One of the biggest drawbacks to the use of CR today is the lack of programs and practitioners trained to provide CR. Some researchers are developing methods for families to be able to apply these methods on their own. For example, having family members remind the person with schizophrenia to compensate for memory problems by diligently writing things down and keeping lists or having someone who is highly distractible only undertake one task at a time (as opposed to multitasking).
The New York State Office of Mental Health has produced a handbook for friends and family members titled Dealing with Cognitive Dysfunction Associated with Psychiatric Disabilities. You can download for free at www. omh.state.ny.us/omhweb/cogdys_manual/CogDysHndbk.pdf.

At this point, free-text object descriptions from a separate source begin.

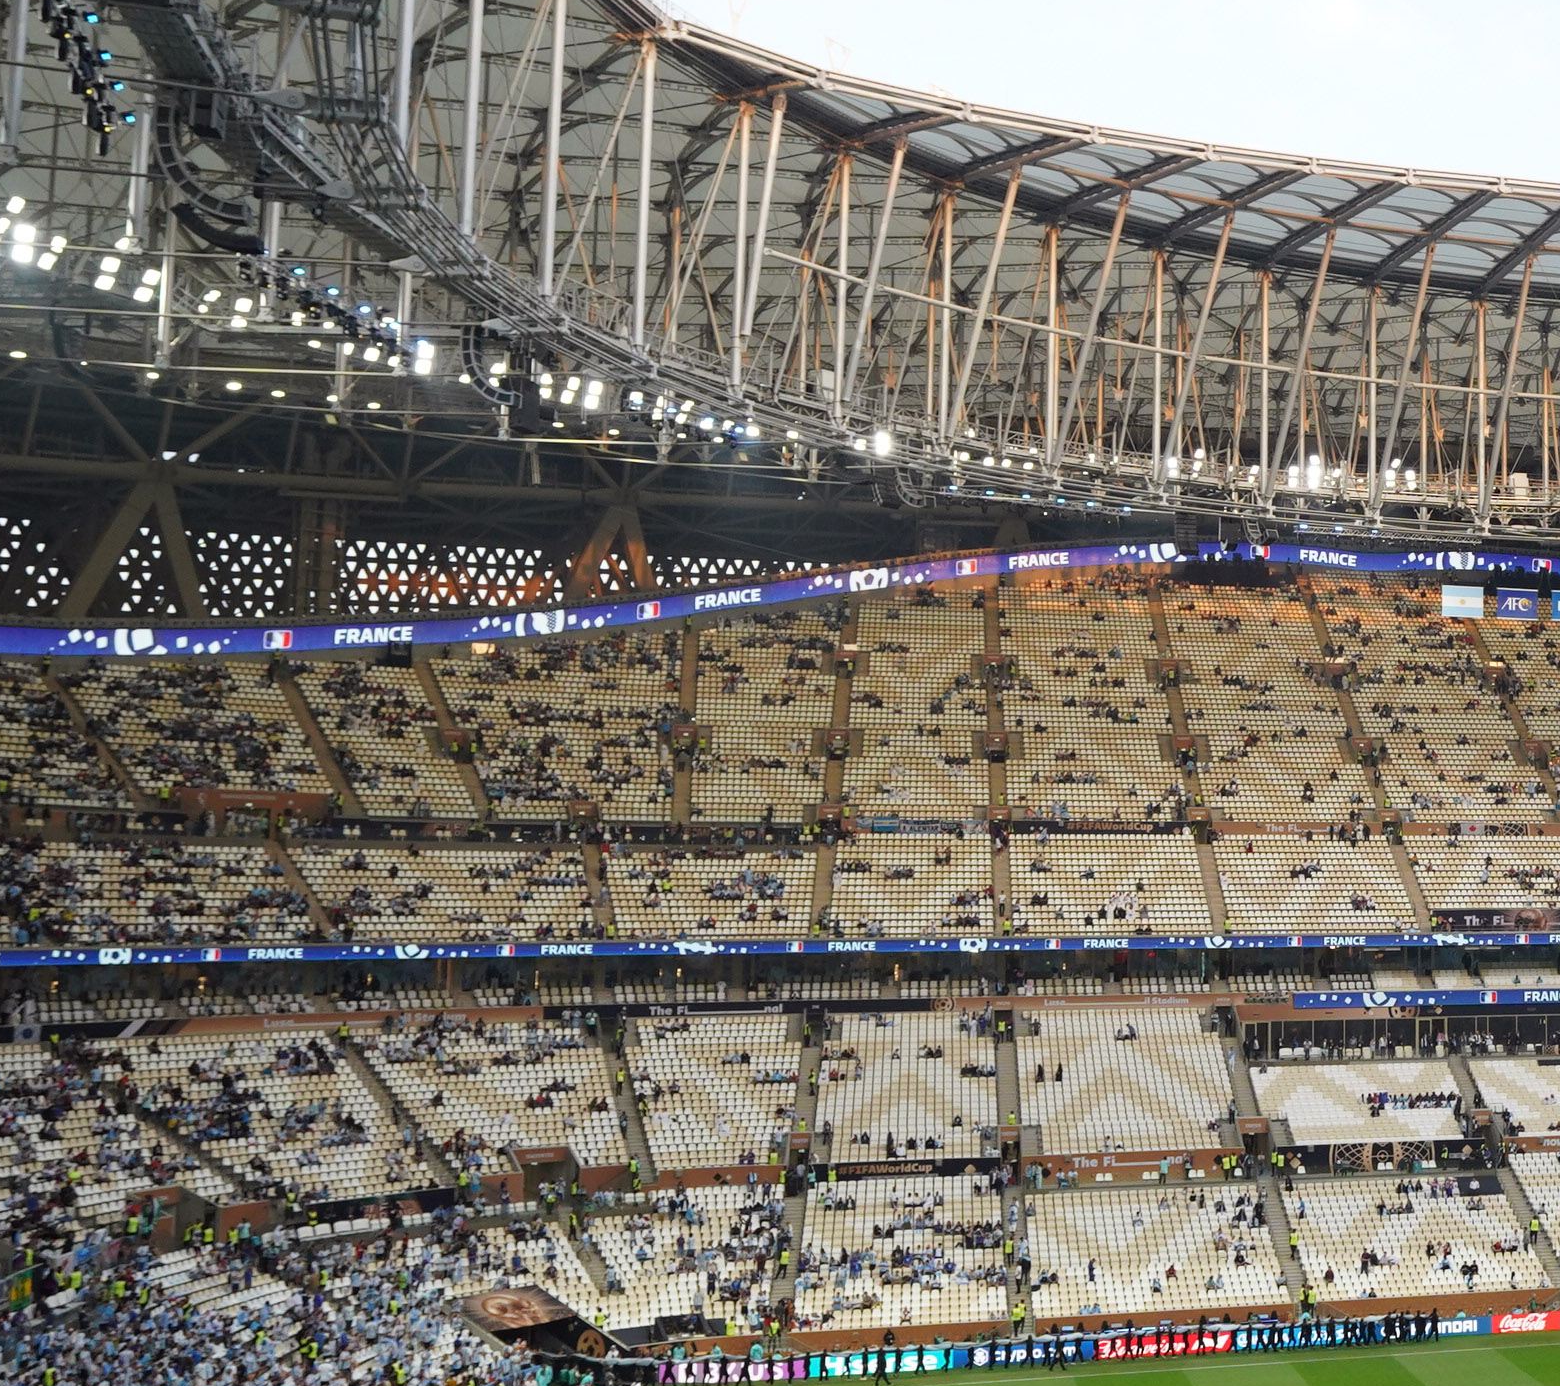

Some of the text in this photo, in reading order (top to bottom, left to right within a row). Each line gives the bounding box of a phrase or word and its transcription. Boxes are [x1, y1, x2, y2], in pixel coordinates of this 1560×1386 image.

[1009, 552, 1069, 569] FRANCE
[1300, 550, 1357, 566] FRANCE
[695, 588, 761, 609] FRANCE
[335, 626, 413, 644] FRANCE
[828, 942, 875, 951] FRANCE
[1084, 939, 1128, 948] FRANCE
[1324, 936, 1365, 946] FRANCE
[248, 948, 303, 959] FRANCE
[541, 945, 593, 954] FRANCE
[1152, 996, 1189, 1005] Stadium
[649, 1005, 674, 1016] The
[1072, 1156, 1099, 1169] The

Expanding Psychosocial Options

Consumer choice should be a major factor in selecting treatments. For choices to be informed, your loved one needs to know more about the risks and benefits of various treatments and be able to compare each of them in terms of their cost and effectiveness. This may be a tall order until your loved one reaches a certain point in the process of recovery.
Moreover, in the real world, most communities do not provide the full range of psychosocial, individual, group, self-help, and cognitive remediation treatments that are necessary to facilitate optimal treatment. The growth of the patient and family advocacy movement holds much hope for stimulating more interest and funding in these types of treatments.

The bottom line: Working together, consumers, families, and professionals need to:

Identify an individual’s particular strengths and deficits.
Find out about the availability of psychosocial rehabilitation practitioners and programs in the community.
Develop an individualized plan to minimize, remediate, or adapt to deficits created by the illness.
Become advocates to ensure that there are effective and self-affirming choices available to maintain and/or restore the dignity, self-worth, and productivity for people with schizophrenia.